2023-05-22 ノースカロライナ州立大学(NCState)
◆この研究は、ヘリコプターのリソースの利用可能性、搭載能力、作戦範囲、給油、ヘリコプターの乗員の制約など、ヘリコプターの使用方法とタイミングを制限するさまざまな要素を考慮に入れるアルゴリズムを開発しました。
◆これにより、作戦計画を最適化する時間が短縮され、空中移動任務の実行における時間節約が可能となります。
<関連情報>
- https://news.ncsu.edu/2023/05/speeding-helicopter-operations/
- https://www.emerald.com/insight/content/doi/10.1108/JDAL-11-2022-0013/full/html
米陸軍航空局の航空移動作戦の割り当て、利用、ルーティング US Army Aviation air movement operations assignment, utilization and routing
Russell Nelson, Russell King, Brandon M. McConnell, Kristin Thoney-Barletta
Journal of Defense Analytics and Logistics Published:23 May 2023
DOI:https://doi.org/10.1108/JDAL-11-2022-0013
Abstract
Purpose
The purpose of this study was to create an air movement operations planning model to rapidly generate air mission request (AMR) assignment and routing courses of action (COA) in order to minimize unsupported AMRs, aircraft utilization and routing cost.
Design/methodology/approach
In this paper, the US Army Aviation air movement operations planning problem is modeled as a mixed integer linear program (MILP) as an extension of the dial-a-ride problem (DARP). The paper also introduces a heuristic as an extension of a single-vehicle DARP demand insertion algorithm to generate feasible solutions in a tactically useful time period.
Findings
The MILP model generates optimal solutions for small problems (low numbers of AMRs and small helicopter fleets). The heuristic generates near-optimal feasible solutions for problems of various sizes (up to 100 AMRs and 10 helicopter team fleet size) in near real time.

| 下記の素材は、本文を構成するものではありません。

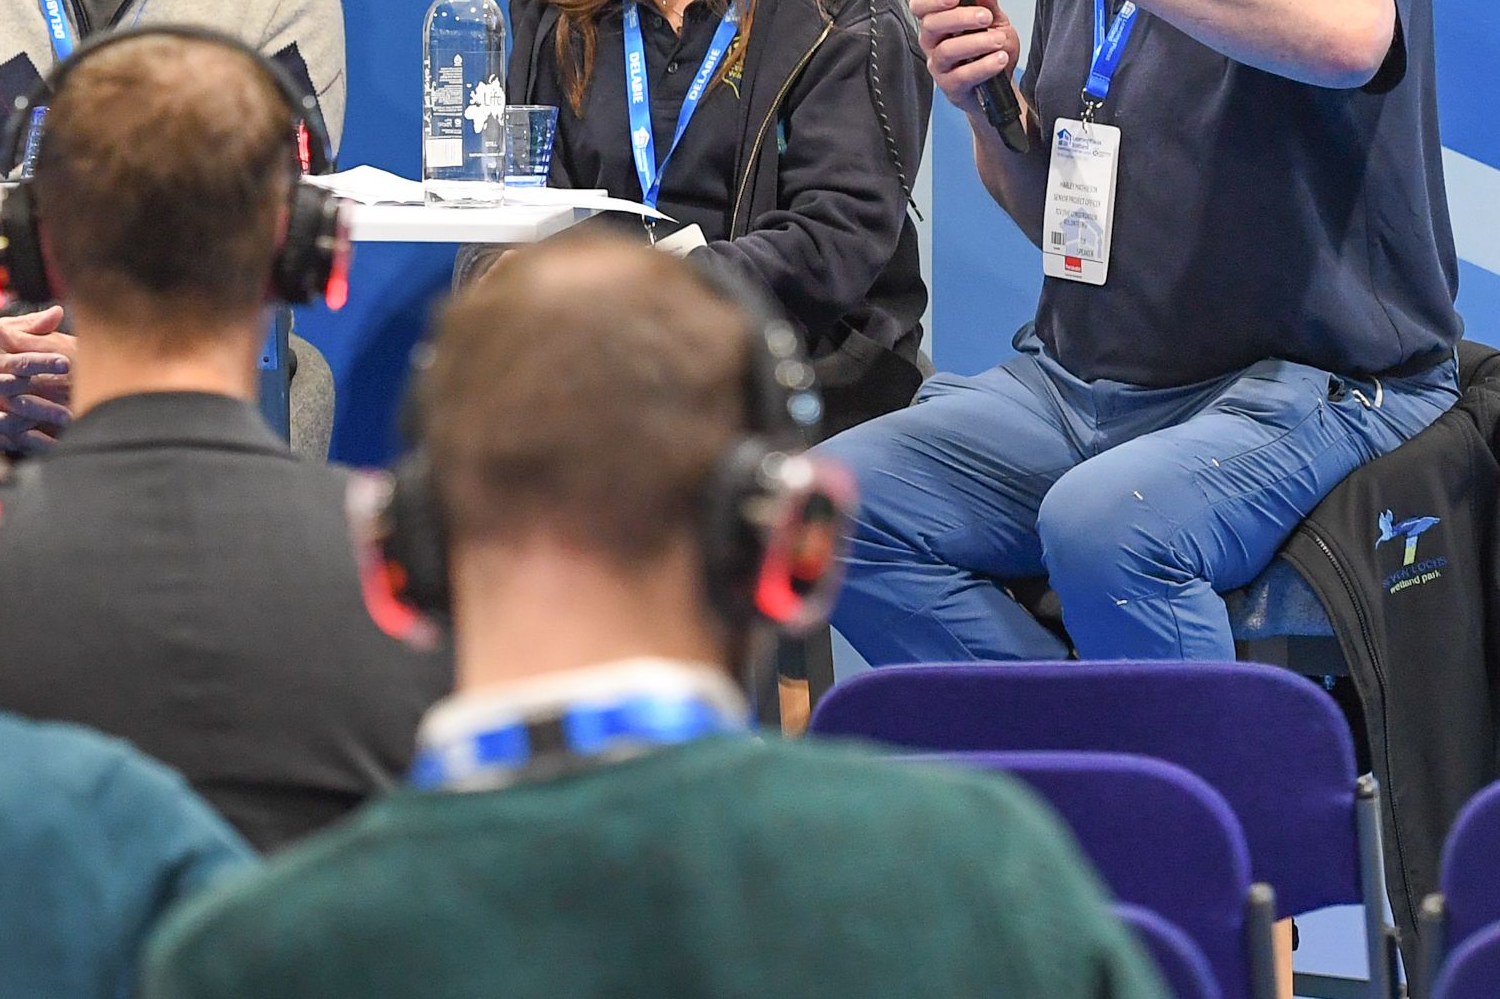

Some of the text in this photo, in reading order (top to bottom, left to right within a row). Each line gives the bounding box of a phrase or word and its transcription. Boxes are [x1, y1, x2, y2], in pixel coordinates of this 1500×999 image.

[629, 51, 644, 104] DELABIE
[689, 48, 721, 101] DELABIE
[1390, 570, 1442, 594] wetland park

Research limitations/implications
Due to the inability of the MILP to produce optimal solutions for mid- and large-sized problems, this research is limited in commenting on the heuristic solution quality beyond the numerical experimentation. Additionally, the authors make several simplifying assumptions to generalize the average performance and capabilities of aircraft throughout a flight.
Originality/value
This research is the first to solve the US Army Aviation air movement operations planning problem via a single formulation that incorporates multiple refuel nodes, minimization of unsupported demand by priority level, demand time windows, aircraft team utilization penalties, aircraft team time windows and maximum duration and passenger ride time limits.